Весь Булгаков - Михаил Булгаков
Шрифт:
Интервал:
Закладка:
Тогда прокуратор распорядился, чтобы легат выделил из римской когорты две кентурии. Одна из них, под командою Крысобоя, должна будет конвоировать преступников, повозки с приспособлениями для казни и палачей при отправлении на Лысую Гору[65], а при прибытии на нее войти в верхнее оцепление. Другая же должна быть сейчас же отправлена на Лысую Гору и начинать оцепление немедленно. Для этой же цели, то есть для охраны Горы, прокуратор попросил легата отправить вспомогательный кавалерийский полк – сирийскую алу.

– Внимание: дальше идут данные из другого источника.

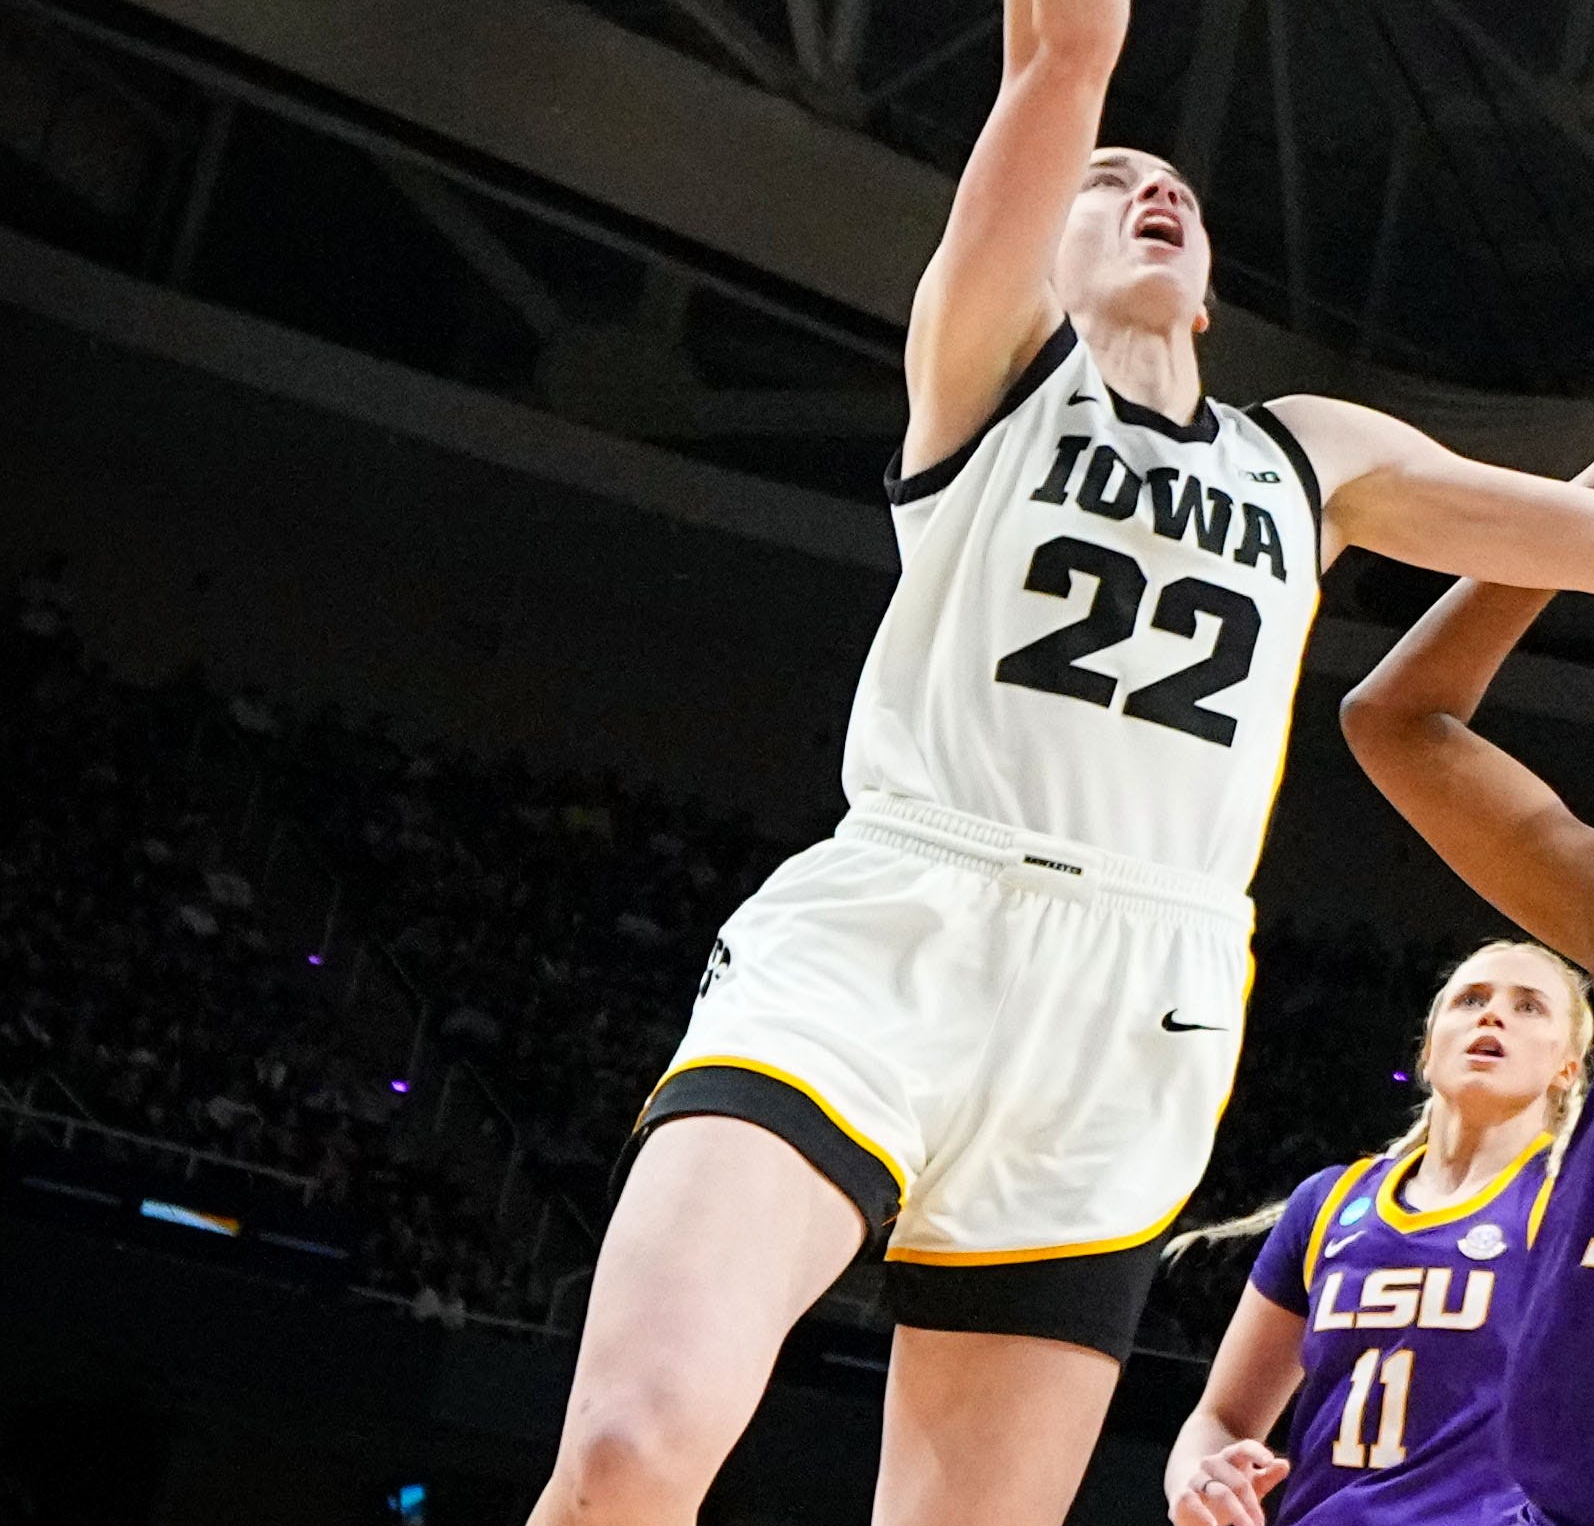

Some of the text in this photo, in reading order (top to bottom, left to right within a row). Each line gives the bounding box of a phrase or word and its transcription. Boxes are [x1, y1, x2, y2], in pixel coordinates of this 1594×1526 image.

[1028, 434, 1288, 584] IOWA
[994, 534, 1263, 749] 22
[1313, 1268, 1495, 1332] LSU
[1331, 1348, 1416, 1470] 11

Когда легат покинул балкон, прокуратор приказал секретарю пригласить во дворец президента Синедриона, двух членов его и начальника храмовой стражи Ершалаима, но при этом добавил, что просит устроить так, чтобы до совещания со всеми этими людьми он мог говорить с президентом раньше и наедине.

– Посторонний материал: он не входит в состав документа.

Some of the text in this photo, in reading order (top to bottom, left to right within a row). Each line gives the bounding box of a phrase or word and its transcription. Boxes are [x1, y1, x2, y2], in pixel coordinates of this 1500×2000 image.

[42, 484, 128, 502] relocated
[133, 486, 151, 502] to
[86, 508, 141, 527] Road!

Приказание прокуратора было исполнено быстро и точно, и солнце, с какою-то необыкновенною яростью сжигавшее в эти дни Ершалаим, не успело еще приблизиться к своей наивысшей точке, когда на верхней террасе сада у двух мраморных белых львов, стороживших лестницу, встретились прокуратор и исполняющий обязанности президента Синедриона первосвященник иудейский Иосиф Каифа[66].
В саду было тихо. Но, выйдя из-под колоннады на заливаемую солнцем верхнюю площадь сада с пальмами на чудовищных слоновых ногах, площадь, с которой перед прокуратором развернулся весь ненавистный ему Ершалаим с висячими мостами, крепостями и, самое главное, с не поддающейся никакому описанию глыбой мрамора с золотою драконовой чешуею вместо крыши – храмом Ершалаимским, – острым слухом уловил прокуратор далеко и внизу, там, где каменная стена отделяла нижние террасы дворцового сада от городской площади, низкое ворчание, над которым взмывали по временам слабенькие, тонкие не то стоны, не то крики.

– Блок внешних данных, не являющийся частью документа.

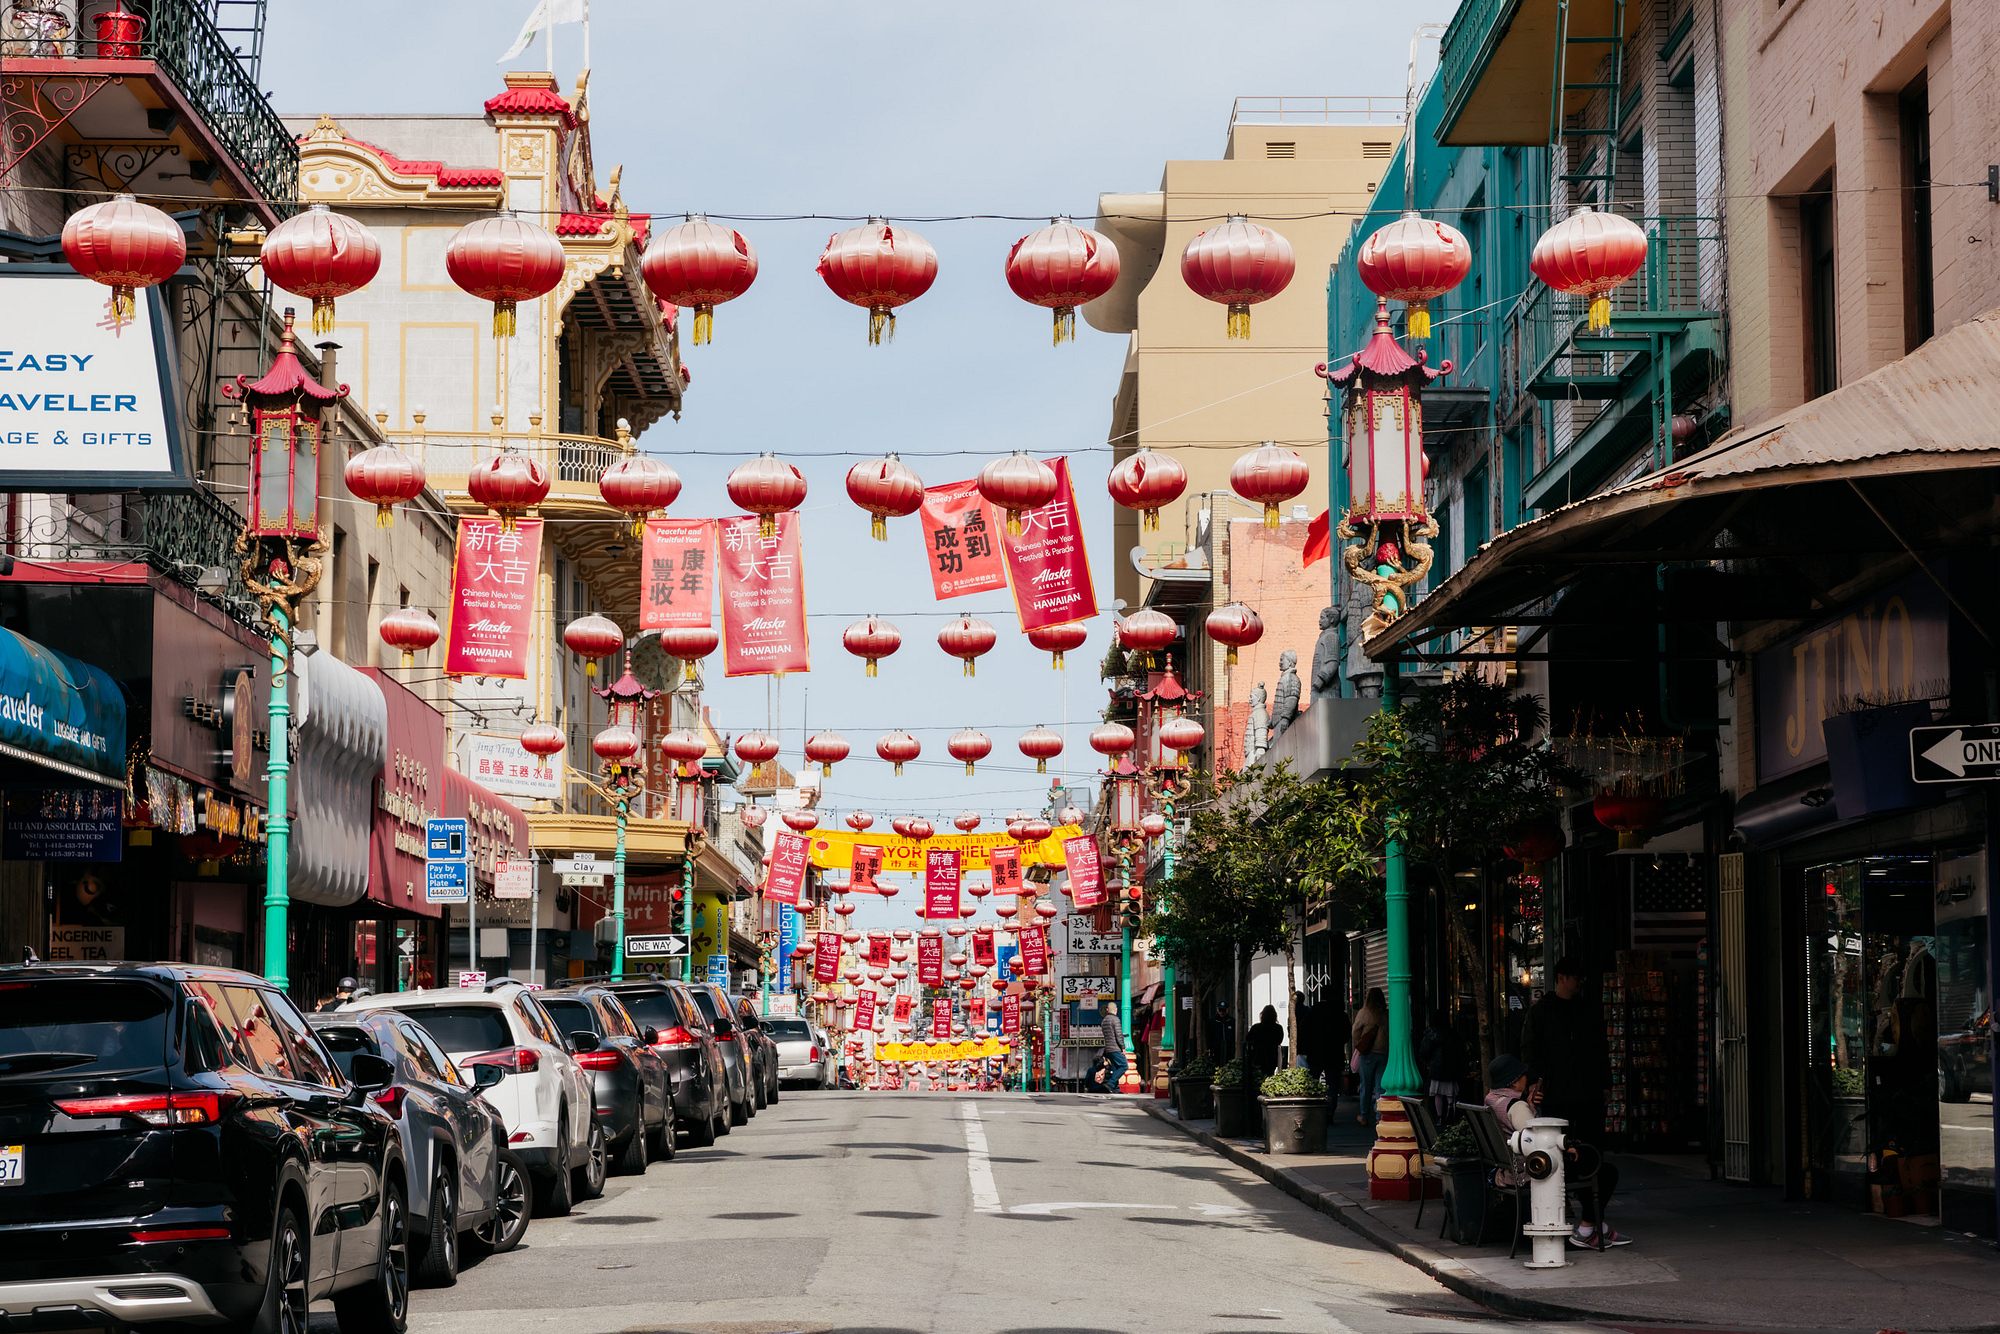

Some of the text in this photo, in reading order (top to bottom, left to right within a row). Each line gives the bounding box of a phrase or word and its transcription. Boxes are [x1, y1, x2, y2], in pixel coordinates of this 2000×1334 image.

[53, 430, 152, 445] & GIFTS
[927, 489, 980, 505] Speedy Success
[1019, 499, 1069, 536] 大吉
[465, 521, 524, 553] 新春
[656, 527, 687, 536] Peaceful
[725, 522, 783, 552] 新春
[963, 508, 991, 559] 馬到
[656, 536, 684, 544] Fruitful
[1013, 535, 1074, 554] Chinese New Year
[934, 525, 963, 574] 成功
[1018, 545, 1075, 563] Festival & Parade
[473, 554, 531, 585] 大吉
[680, 547, 706, 596] 康年
[739, 551, 794, 583] 大吉
[649, 558, 675, 606] 豐收
[1031, 566, 1073, 585] Alaska
[1038, 580, 1070, 590] AIRLINES
[461, 588, 526, 600] Chinese New Year
[730, 586, 795, 599] Chinese New Year
[463, 599, 522, 611] Festival & Parade
[733, 596, 793, 609] Festival & Parade
[1033, 592, 1082, 610] HAWAIIAN
[1050, 605, 1068, 613] AIRLINES
[468, 619, 512, 634] Alaska
[742, 617, 787, 631] Alaska
[472, 632, 506, 640] AIRLINES
[748, 630, 783, 638] AIRLINES
[462, 647, 513, 659] HAWAIIAN
[740, 644, 792, 657] HAWAIIAN
[54, 719, 106, 753] LUGGAGE AND GIFTS
[475, 742, 516, 757] Jing Ying
[8, 822, 116, 832] LUI AND ASSOCIATES, INC.
[429, 823, 464, 833] Pay here
[777, 834, 804, 851] 新春
[1066, 838, 1092, 854] 新春
[780, 849, 805, 866] 大吉
[928, 852, 955, 866] 新春
[1074, 851, 1098, 867] 大吉
[429, 864, 455, 873] Pay by
[497, 862, 531, 873] NO PARKING
[573, 863, 595, 872] Clay
[854, 860, 865, 883] 如意
[933, 866, 958, 880] 大吉
[1007, 858, 1019, 880] 康年
[429, 872, 457, 880] License
[994, 864, 1006, 886] 豐收
[627, 885, 668, 903] Mini
[819, 933, 837, 944] 新春
[1020, 929, 1039, 940] 新春
[631, 941, 672, 951] ONE WAY
[821, 944, 839, 955] 大吉
[919, 939, 938, 948] 新春
[1025, 938, 1043, 949] 大吉
[1072, 937, 1101, 950] 北京
[81, 946, 107, 959] TEA
[923, 947, 941, 957] 大吉
[773, 1003, 793, 1013] Crafts
[861, 999, 874, 1008] 大吉
[1006, 1003, 1018, 1011] 大吉
[938, 1007, 951, 1016] 大吉
[899, 1045, 985, 1056] MAYOR DANIEL LURIE

Прокуратор понял, что там на площади уже собралась несметная толпа взволнованных последними беспорядками жителей Ершалаима, что эта толпа в нетерпении ожидает вынесения приговора и что в ней кричат беспокойные продавцы воды.
Прокуратор начал с того, что пригласил первосвященника на балкон, с тем чтобы укрыться от безжалостного зноя, но Каифа вежливо извинился и объяснил, что сделать этого не может в канун праздника. Пилат накинул капюшон на свою чуть лысеющую голову и начал разговор. Разговор этот шел по-гречески.
Пилат сказал, что он разобрал дело Иешуа Га-Ноцри и утвердил смертный приговор.
Таким образом, к смертной казни, которая должна совершиться сегодня, приговорены трое разбойников: Дисмас, Гестас, Вар-равван и, кроме того, этот Иешуа Га-Ноцри. Первые двое, вздумавшие подбивать народ на бунт против кесаря, взяты с боем римскою властью, числятся за прокуратором, и, следовательно, о них здесь речь идти не будет. Последние же, Вар-равван и Га-Ноцри, схвачены местной властью и осуждены Синедрионом. Согласно закону, согласно обычаю, одного из этих двух преступников нужно будет отпустить на свободу в честь наступающего сегодня великого праздника пасхи.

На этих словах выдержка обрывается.